Dr. Sung-Gu Kim of KARI receives the 10th KAIST Jung-Hun Cho Academic Award
KAIST President Steve Kang awarded the 10th "KAIST Jung-Hun Cho Academic Award" to Dr. Sung-Gu Kim of Korea Aerospace Research Institute (KARI) along with Byeong-Sup Park, a graduate student of KAIST Aerospace Engineering, Hee-Won Chae of Korea University, and Jin-Hyung Noh of Kongju National University High School on May 13, 2014. Dr. Sung-Gu Kim was recognized for his development of a 30-ton class reproduction cooling burner and the securing of essential factor technology for liquid-fuel rocket engines on the Naro project. The KAIST Jung-Hun Cho Academic Award was established to commemorate Jung-Hun Cho who was killed while researching in the rocket laboratory on May 13, 2003. From 2005, young scientists from the Aerospace Engineering field have been recognized every year. One student each from KAIST, Korea University, and Kongju National University High School, where the honorary doctorate Dr. Cho attended, has been chosen as a scholarship recipient. The KAIST Jung-Hun Cho Academic Award was established with USD 460,000 in funds donated from Cho's family.

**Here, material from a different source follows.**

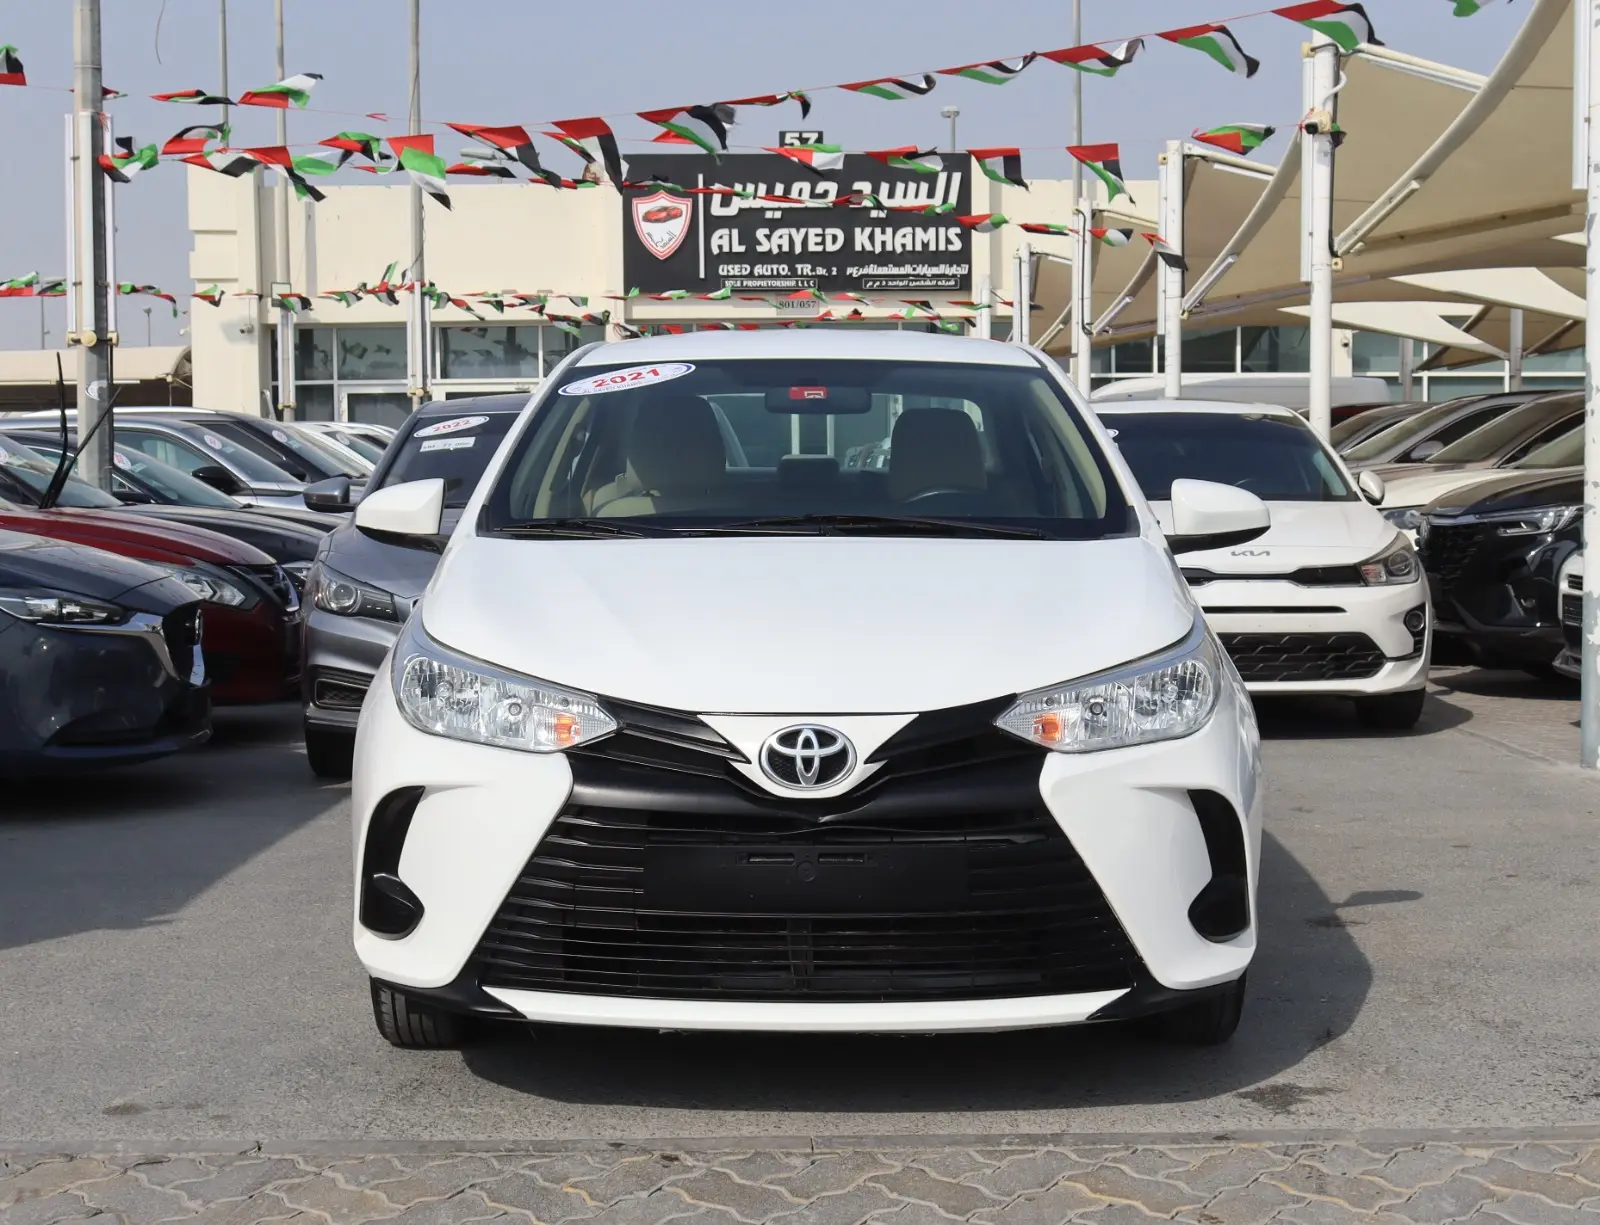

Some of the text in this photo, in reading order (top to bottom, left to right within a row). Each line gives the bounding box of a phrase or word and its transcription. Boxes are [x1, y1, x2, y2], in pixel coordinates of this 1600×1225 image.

Welcoming the Class of 2014
“The four years from today will go quickly, and I urge you to make the most of your time in KAIST, a great educational and research institution where you will explore the frontiers of science and technology and take part in the creation of new knowledge,” President Kang told the freshmen at the convocation ceremony. Freshmen Convocation for the Class of 2014 took place on March 3, 2014 at the auditorium on the main campus. Members of the KAIST community, along with hundreds of parents and guests, welcomed the incoming 800 freshmen, celebrating the beginning of their four-year college life. Kwang-Joon Ahn, a graduate of the Korea Science Academy, and Ha-Rim Jin, a graduate of Daegu Il Science High School, were representatives of the incoming students, and they took the “Class of 2014 Pledge,” a commitment to uphold KAIST’s core values, which is "creativity and challenge (endeavoring spirit)," and to pursue intellectual passion and discovery. President Steve Kang delivered congratulatory remarks, encouraging students to use their opportunities to the fullest while at KAIST to broaden their knowledge and experience. He also stressed the following four important principles they should cultivate to become the leaders of tomorrow: be grateful, excel in their field, keep open minds about what the globalized world would bring, and never give up on their dreams and belief. President Kang said: “Probably, many of you, the graduates of the best high schools in Korea, will find KAIST a tougher place to be in than you imagined. But challenges, particularly intellectual challenges, should be viewed as an opportunity to grow. It is ok to fail. In fact, without risking failures, there won’t be a meaningful growth because the real growth comes from overcoming challenges.” “You can’t avoid failing in the course of your college life, but your perseverance to do it over will allow you to develop the skills and passion needed to become a leader who will contribute to the local community, as well as to the betterment of humanity.” The KAIST Alumni Scholarship Foundation presented a scholarship of USD 3,700 to 24 freshmen. The convocation ended with music performances by members of the student clubs at KAIST.